Insulin resistance has been a possible underlying pathophysiologic defect inducing the metabolic syndrome (MS). However association studies regarding Insulin receptor gene in different ethnic groups are scarce in literature. Here we conduct an association study between MS and genetic polymorphism of the INSR gene in Yi and Han Chinese. In a cross-sectional study, 3,436 Yi and Han people were investigated. Ethnicity-specific case-control studies were designed, with MS patients diagnosed as cases and non-MS people as controls matched on gender and age. Polyrnerase chain reaction-restriction fragment length polymorphism was used to detect the genotypes of the exon 8 of the INSR gene. Data were analyzed using one-way analysis of variance, chi-square test, and logistic regression where appropriate.
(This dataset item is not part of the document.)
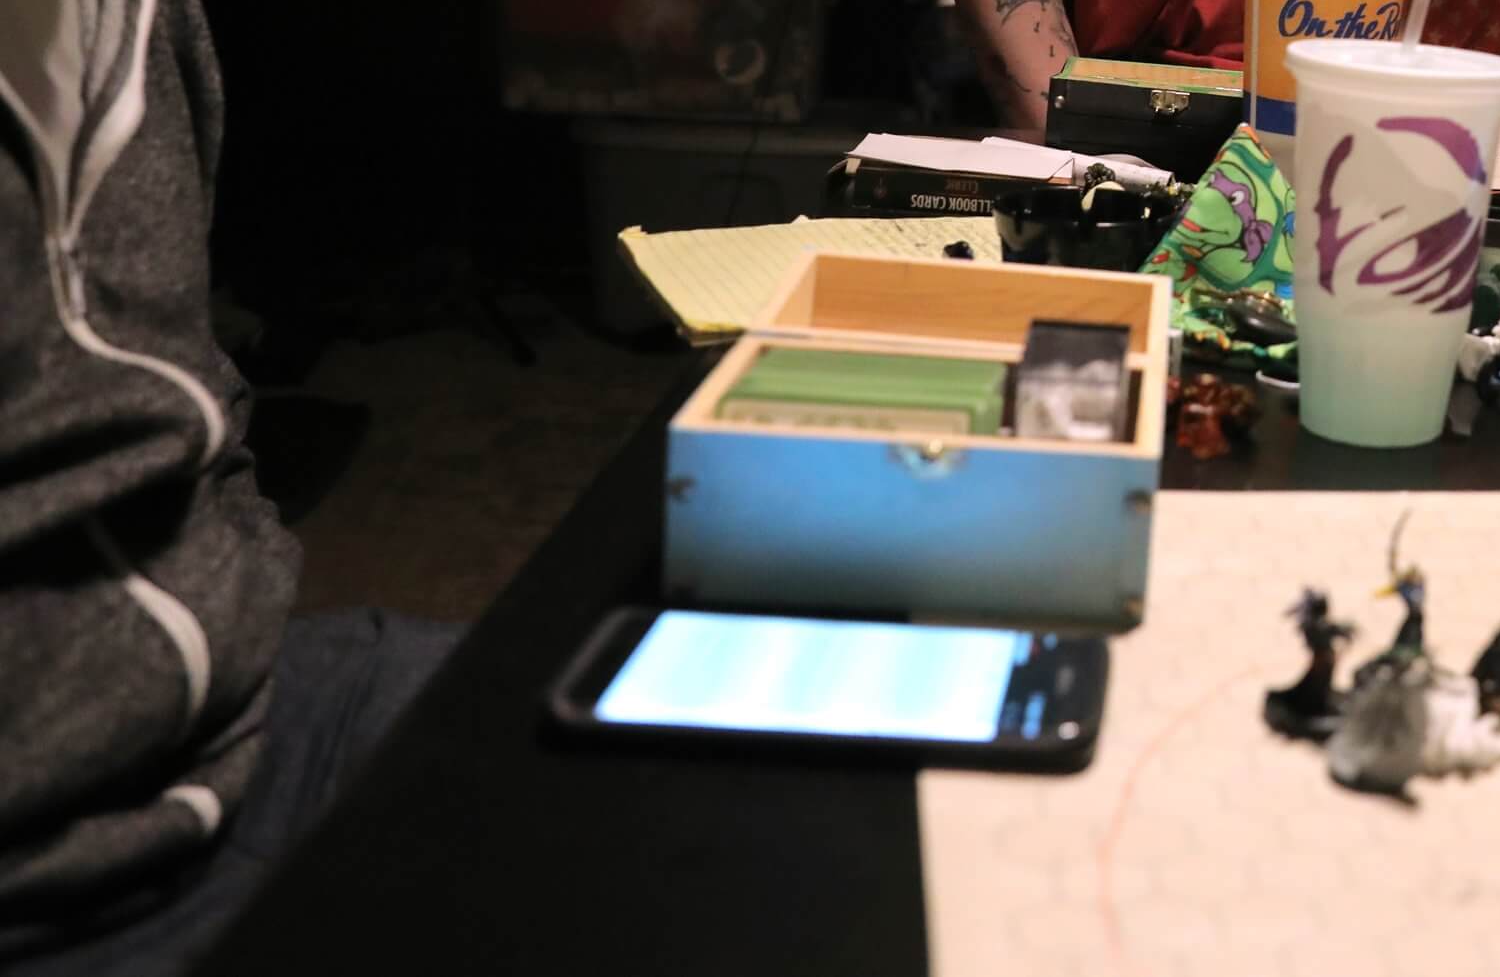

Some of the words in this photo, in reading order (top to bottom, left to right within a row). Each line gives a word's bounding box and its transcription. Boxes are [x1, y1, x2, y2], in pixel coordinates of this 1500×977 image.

[1333, 1, 1379, 40] the
[910, 194, 947, 210] CARDS
[949, 197, 994, 213] LLBOOK
Systolic blood pressure (SBP) was significantly higher in MS patients with the N1N2/N2N2 genotypes than that in those with the N1N1 genotype of both ethnic population (p<0.05). Frequency of the N-2 allele was significantly higher in MS patients than that in controls of ethnic Han (p=0.020). Multivariable logistic regression analysis showed that the NsiI polymorphism of the exon 8 of the INSR was an independent predictor for MS in Han people adjusted for total cholesterol, sex, physical activity, educational level, family income, alcohol intake and smoking (OR=2.55, 95% CI: 1.31-4.94, p=0.006). The results indicated that Nsil polymorphism of the INSR gene is associated with SBP in these two different ethnic groups, and significantly associate with MS in Han Chinese. These findings contribute to our better understanding on the genetic basis of MS.